A few people have asked me to do an updated post on High-Intensity Training. For the most part, I don’t have any new insights. I think I’ve said all I have to say on the topic. In this post, I’m going to cover the elements of HIT that I still use and those that I don’t.
Tracking
From the beginning, I have rejected tracking my workouts. I go into detail on why I don’t measure my workouts in these posts.
- Why I Don’t Measure My Workouts
- When I Would Measure My Workouts
- What Weight Lifting Should Have Taught Me About Quantified Self
In the fitness blogosphere, we get wrapped up in the mechanic view of weight lifting. How many reps, sets, speed, rest, and on and on? What I’ve discovered is room temperature is the number that impacts my training the most and it is a number I can not control at my gym. More on this point later.

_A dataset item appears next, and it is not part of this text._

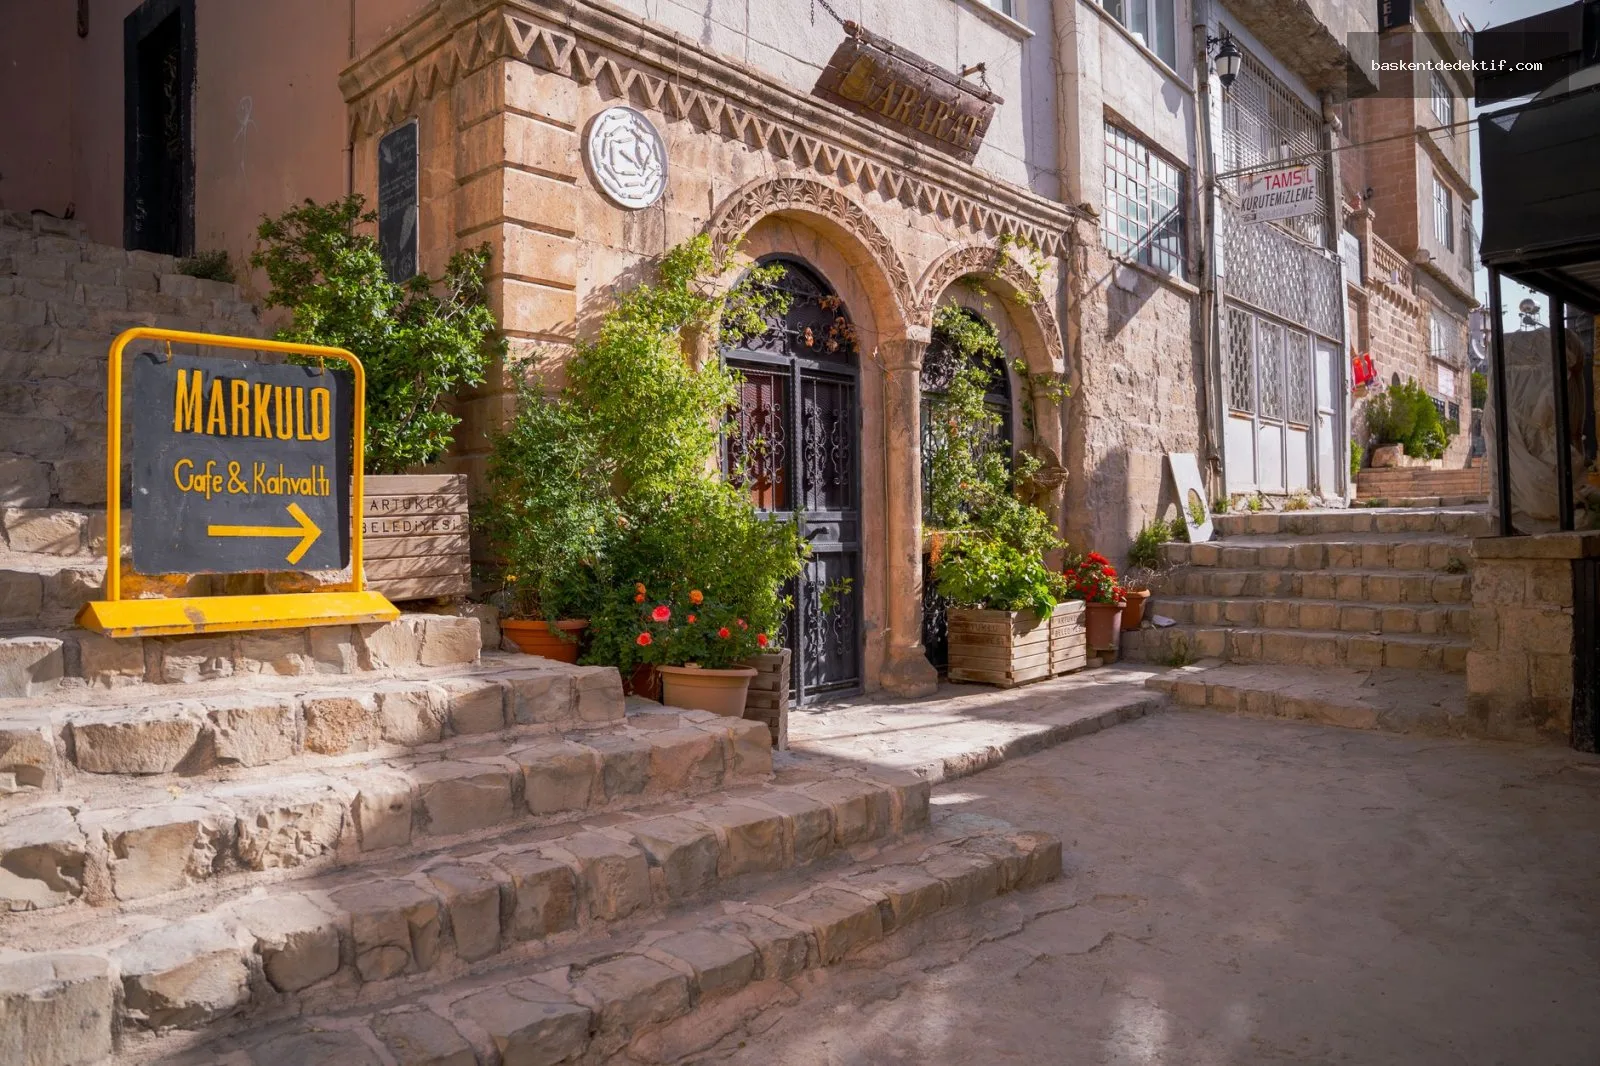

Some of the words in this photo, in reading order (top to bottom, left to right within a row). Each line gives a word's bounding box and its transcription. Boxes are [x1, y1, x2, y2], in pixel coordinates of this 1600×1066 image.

I’m not advising others to follow my lead. Numbers can be motivating for many. If I had a trainer, I would insist they record everything, but only share data with me after the workout. I want to focus on form not numbers when I am exercising.
Safe Exercises
This is the golden point. The secret sauce of HIT is not intensity, it is safety. As I stated in How I Approach Fitness and other posts:
You will make the most gains in your exercise program by vastly reducing or eliminating injury risk.
HIT selects movements that are non-technical and are performed at a controlled pace. The exercises are purposely inefficient. I cover the mindset change that happens when one adopts HIT in the post Muscle on Weight or Weight on Muscle?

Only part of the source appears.